The circular economy is shifting from slogan to strategy on both sides of the Atlantic—but the policy routes and corporate tactics now diverge sharply.
The European Commission (EC) has opened a public consultation to inform a new Circular Economy Act, with adoption targeted for 2026. The consultation, running on the EC’s “Have Your Say” portal until 6 November 2025, is designed to surface what currently blocks circular practices and which policy levers could unlock more reuse, repair, remanufacturing, and recycling. Crucially, the Act is being positioned as market infrastructure rather than a standalone green initiative, tied to the ‘Competitiveness Compass,’ the ‘Single Market Strategy,’ and the ‘Steel and Metals Action Plan,’ while complementing regulations such as eco-design for sustainable products, packaging rules, and the ‘Critical Raw Materials Act.’

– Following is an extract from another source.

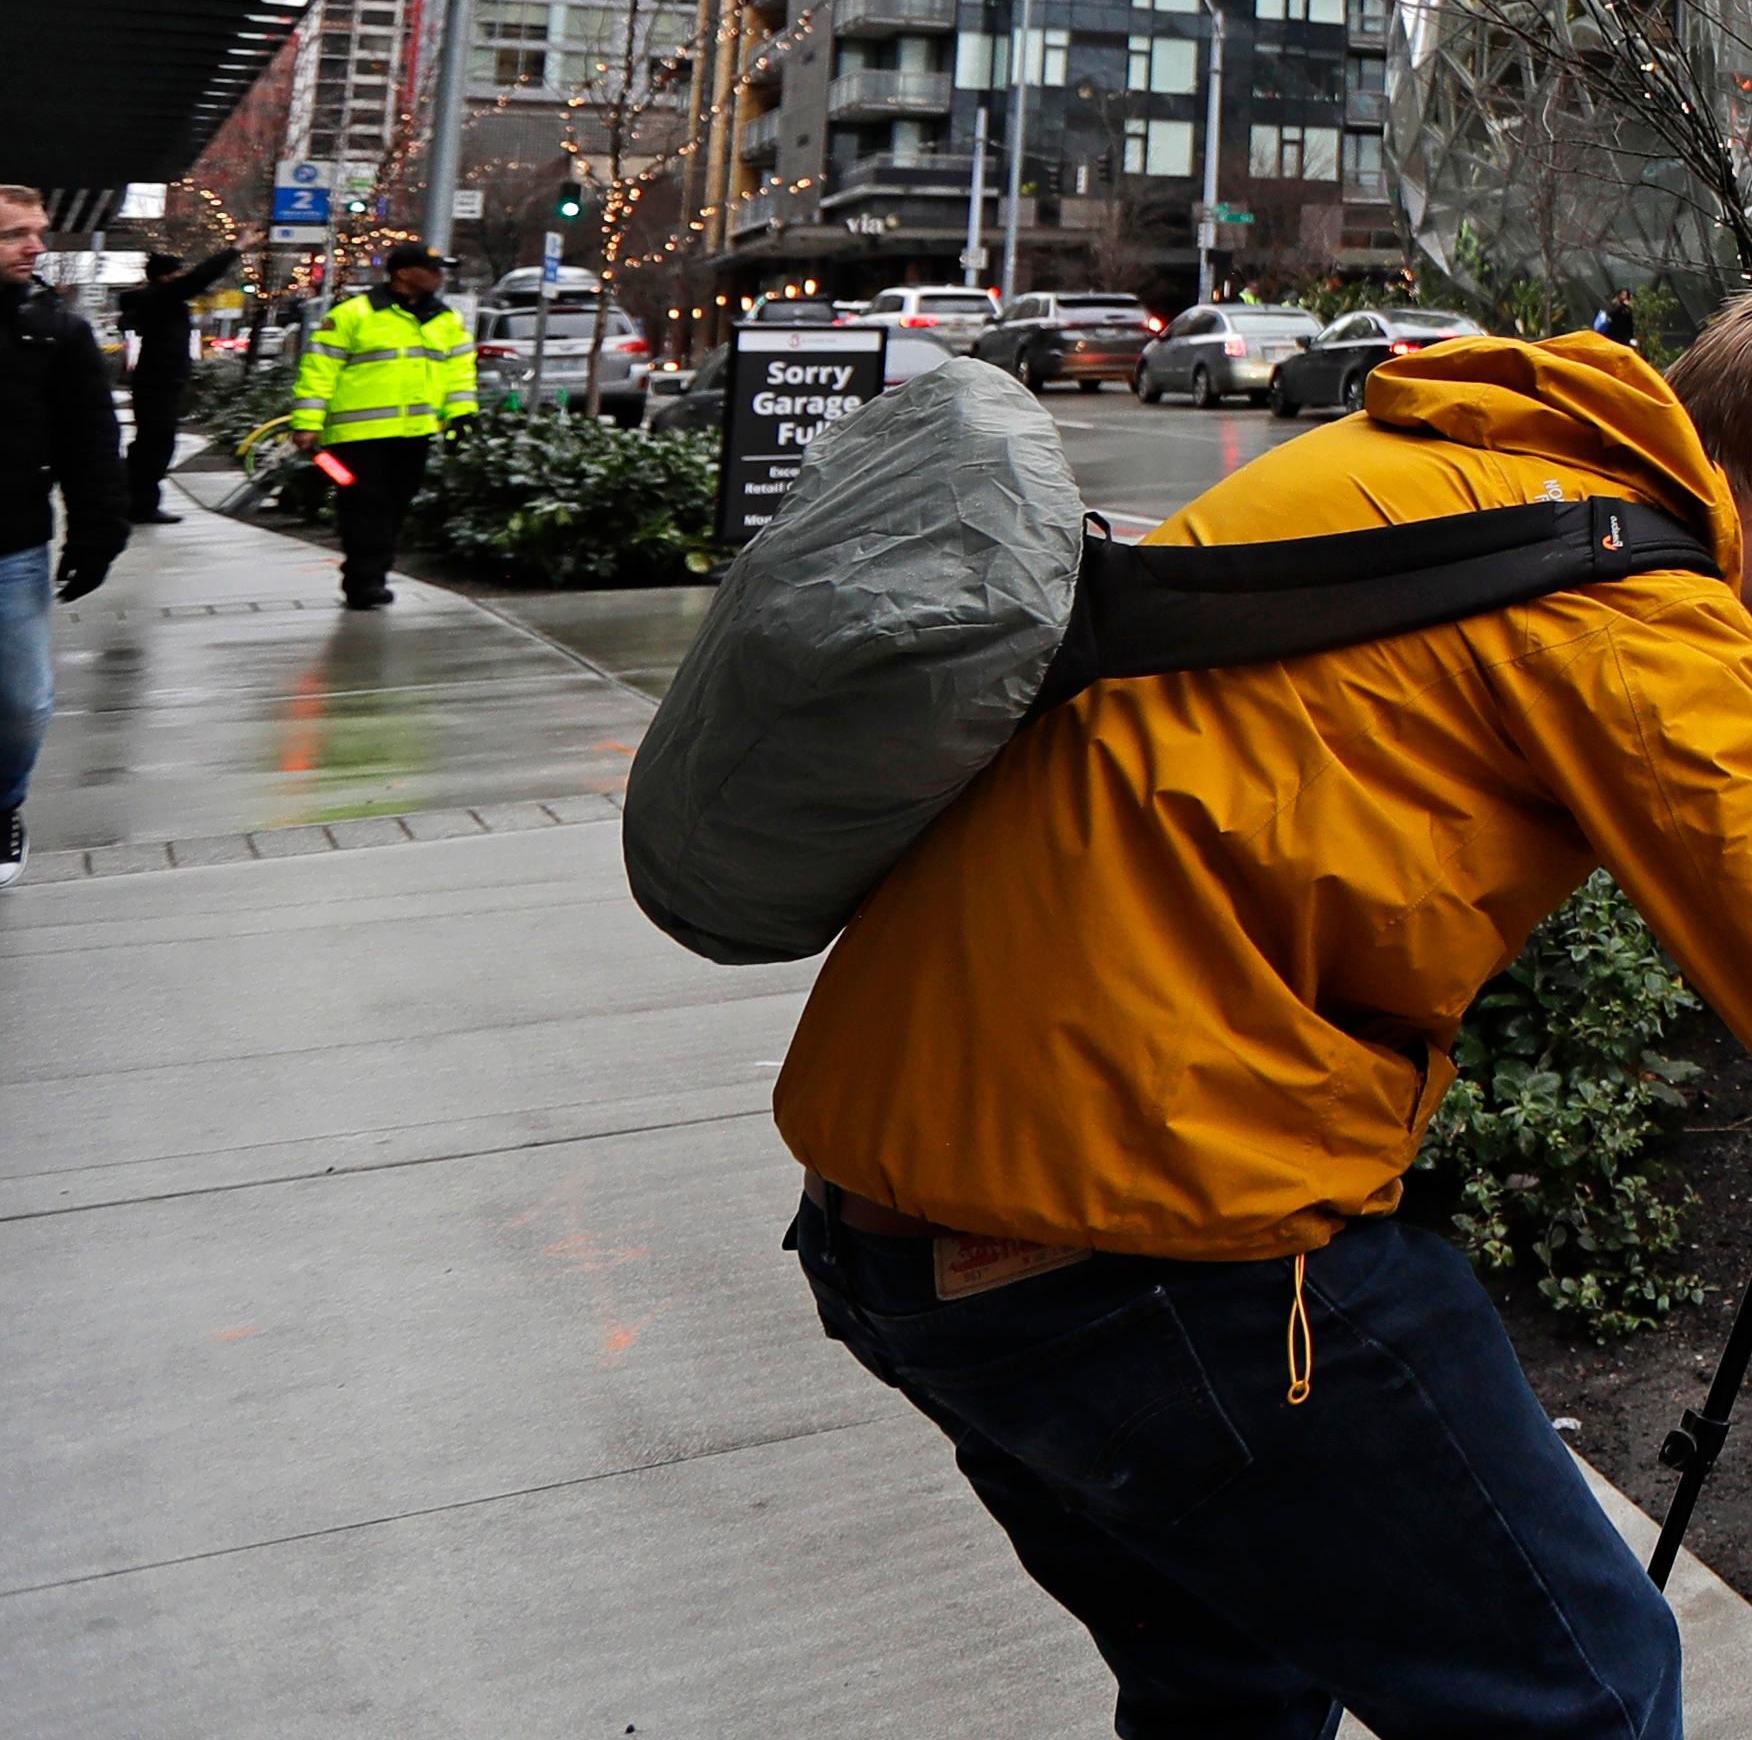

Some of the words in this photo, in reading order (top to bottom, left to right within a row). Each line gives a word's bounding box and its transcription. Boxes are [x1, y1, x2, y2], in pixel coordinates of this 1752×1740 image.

[291, 191, 314, 210] 2
[767, 361, 853, 390] Sorry
[753, 392, 861, 419] Garage
[744, 482, 784, 495] Retail

If done well, the prize is big: less fragmentation across member states, clearer product rules, aligned waste definitions, and easier cross-border trade in “circular” goods and secondary raw materials. That could translate into higher confidence for investors in recycling capacity and stronger demand signals for recycled content through standards and incentives. The risk is familiar too—weak enforcement, burdensome reporting, or overly complex compliance could slow adoption and blunt impact. Still, the direction is clear: Europe wants circularity to function like a single market.
The US story is messier. ‘Right to Repair’ is accelerating at the state level while federal momentum cools. Washington’s HB 1483—signed in May 2025—brings broad electronics and home appliance coverage and takes direct aim at “parts pairing,” the software-based practices that can limit device functionality after third-party repairs. The law’s manufacturer requirements kick in on 1 January 2026. Pennsylvania’s HB 1512 has passed the US House and awaits US Senate committee review, requiring parts, tools, and documentation on “fair and reasonable” terms while restricting software barriers unless justified by safety or legal compliance—though it carves out major categories such as medical devices, vehicles, and video game consoles.

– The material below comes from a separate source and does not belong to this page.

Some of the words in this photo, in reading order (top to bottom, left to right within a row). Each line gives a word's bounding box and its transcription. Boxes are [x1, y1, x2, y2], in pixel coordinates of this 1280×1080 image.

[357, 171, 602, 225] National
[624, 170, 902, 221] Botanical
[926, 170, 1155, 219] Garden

Meanwhile, an August 2025 US Executive Order rescinded the July 2021 directive that had nudged agencies toward coordinated, competition-focused action on repair. With that guidance gone, the FTC and USDA may default to narrower antitrust tools and case-by-case enforcement, cutting the odds of national rulemaking. The likely result: a patchwork of state requirements that raises compliance complexity for manufacturers and service networks.

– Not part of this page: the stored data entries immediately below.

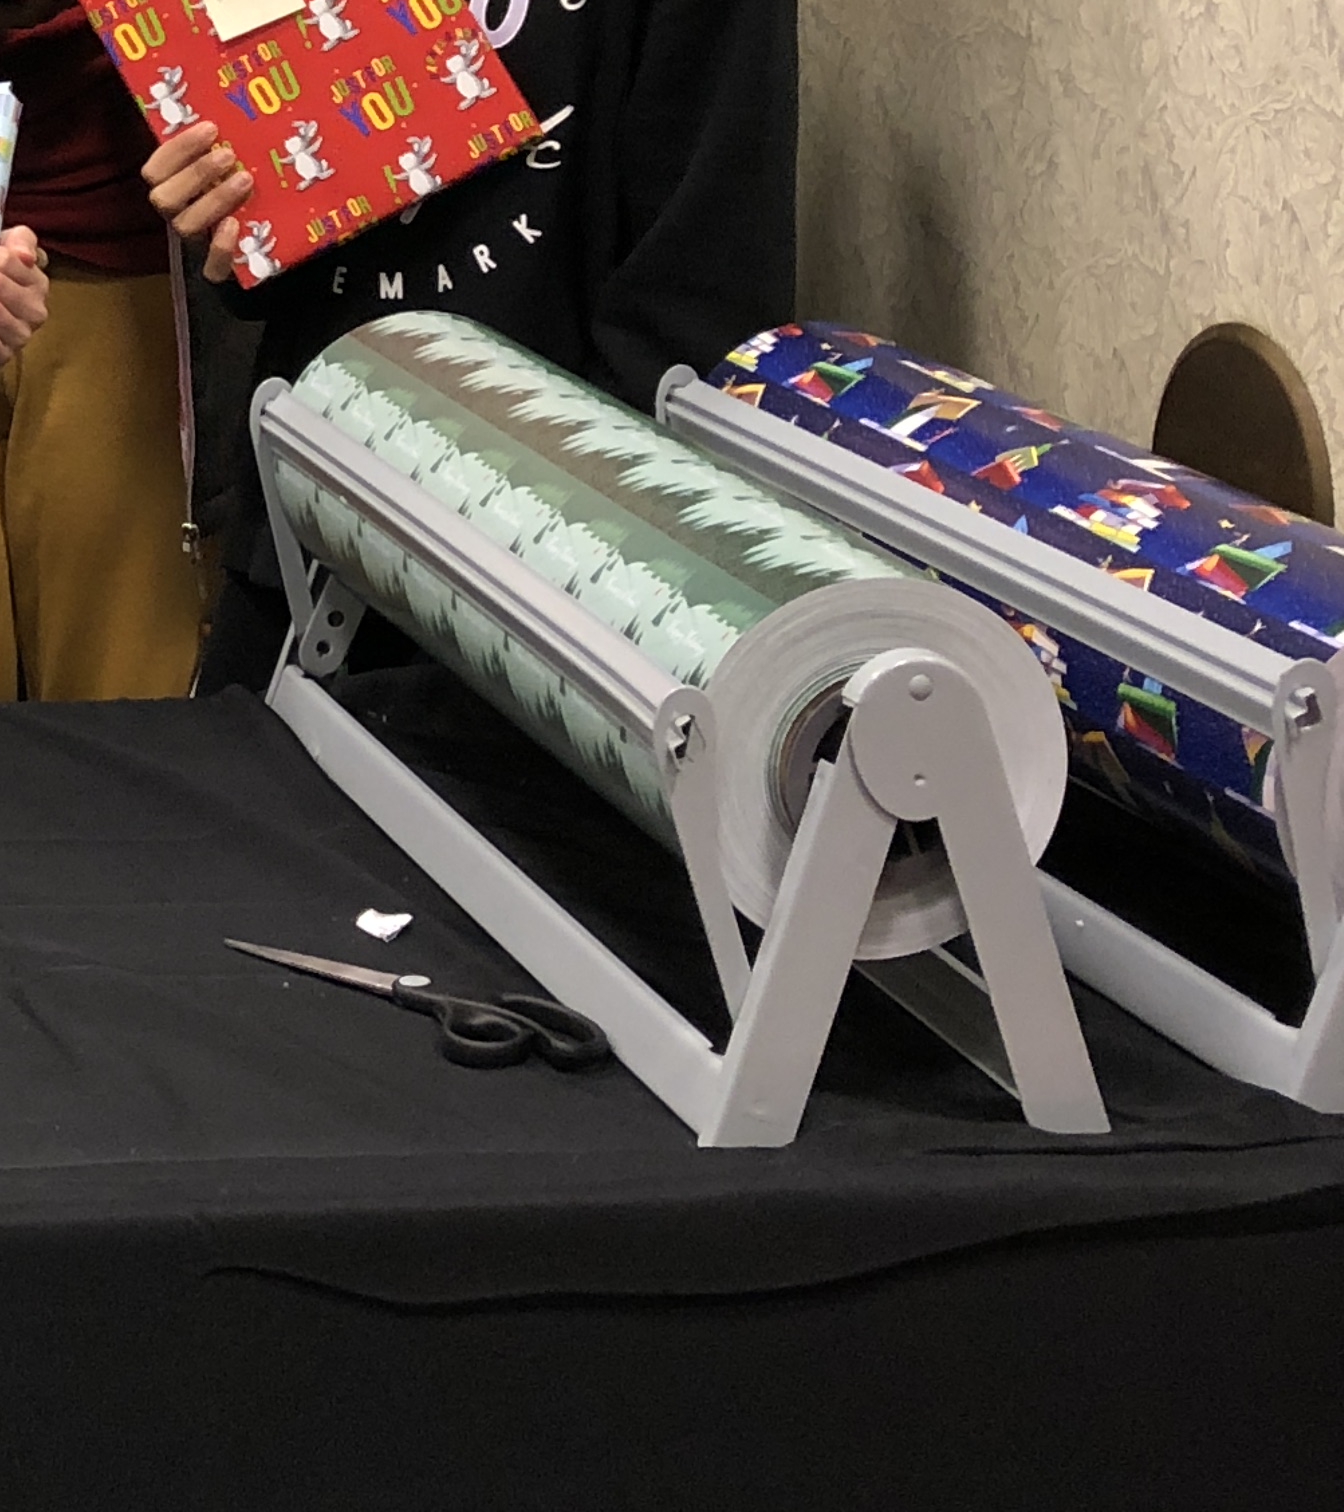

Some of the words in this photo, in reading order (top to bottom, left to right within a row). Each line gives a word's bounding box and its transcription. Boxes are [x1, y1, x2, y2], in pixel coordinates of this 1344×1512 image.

[88, 0, 119, 30] UST
[217, 54, 254, 88] JUST
[225, 59, 301, 121] YOU
[330, 69, 366, 104] JUST
[363, 54, 397, 83] FOR
[338, 75, 414, 137] YOU
[467, 123, 506, 160] JUST
[503, 110, 535, 138] FOR
[306, 208, 342, 244] JUST

Against that backdrop, companies are moving faster than regulators. Apple’s $500m supply agreement with MP Materials is a bet on domestic rare-earth security—and on recycling as an industrial capability, not just a sustainability claim. A planned California recycling production line could turn end-of-life electronics and scrap into magnet-ready feedstock, reducing exposure to volatile global markets and export controls. But scaling will depend on reliable collection volumes and viable recovery yields.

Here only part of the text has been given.